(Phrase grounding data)
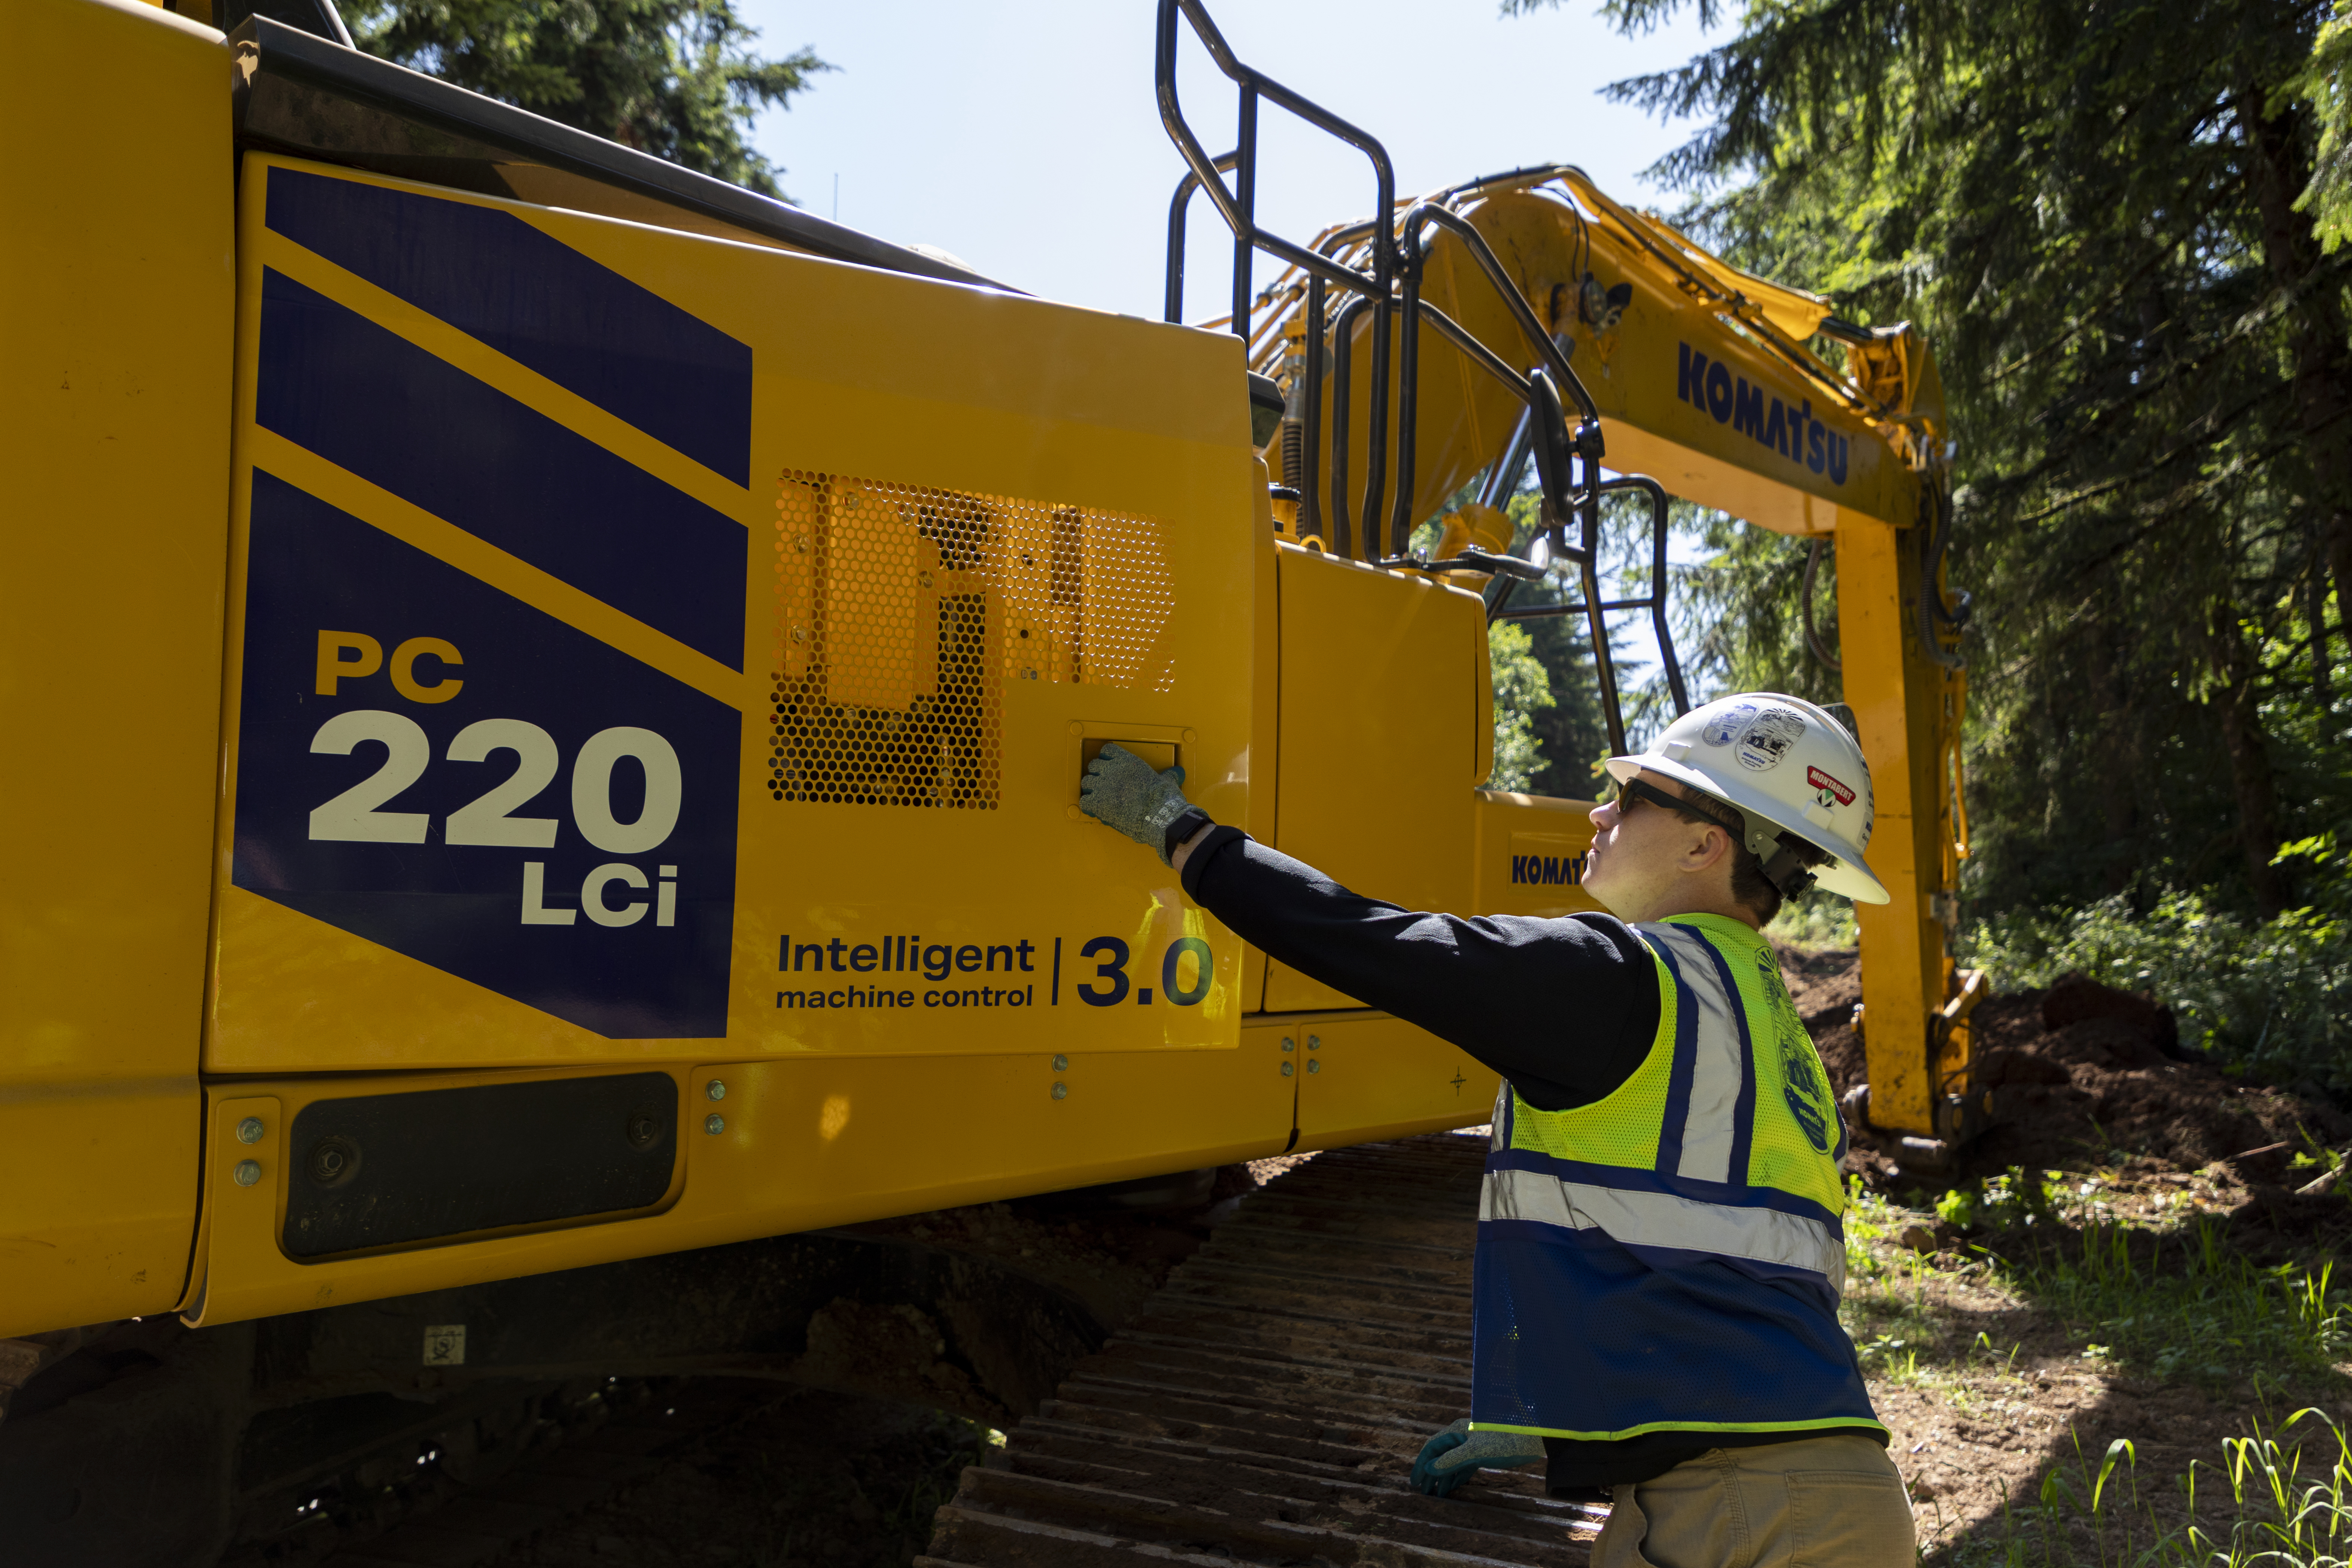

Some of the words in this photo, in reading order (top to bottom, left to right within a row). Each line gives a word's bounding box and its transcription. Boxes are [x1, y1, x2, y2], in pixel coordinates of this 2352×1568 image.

[1678, 340, 1848, 486] KOMATSU
[316, 629, 464, 704] PC
[1742, 752, 1765, 764] KOMATSU
[309, 710, 682, 854] 220
[1810, 770, 1853, 801] MONTABERT
[1512, 850, 1588, 885] KOMAT
[522, 862, 677, 927] LCi
[778, 935, 1035, 981] Intelligent
[1077, 936, 1213, 1006] 3.0
[777, 985, 915, 1008] machine
[923, 984, 1033, 1007] control
[1798, 1107, 1823, 1129] KOMATS

- **ASSIGNMENT**
Please print all the data above word for word. Pictures should not appear in the copy.

- **TASK SOLUTION**
Some of the words in this photo, in reading order (top to bottom, left to right within a row). Each line gives a word's bounding box and its transcription. Boxes are [x1, y1, x2, y2], in pixel coordinates of this 2352×1568 image.

[1678, 340, 1848, 486] KOMATSU
[316, 629, 464, 704] PC
[1742, 752, 1765, 764] KOMATSU
[309, 710, 682, 854] 220
[1810, 770, 1853, 801] MONTABERT
[1512, 850, 1588, 885] KOMAT
[522, 862, 677, 927] LCi
[778, 935, 1035, 981] Intelligent
[1077, 936, 1213, 1006] 3.0
[777, 985, 915, 1008] machine
[923, 984, 1033, 1007] control
[1798, 1107, 1823, 1129] KOMATS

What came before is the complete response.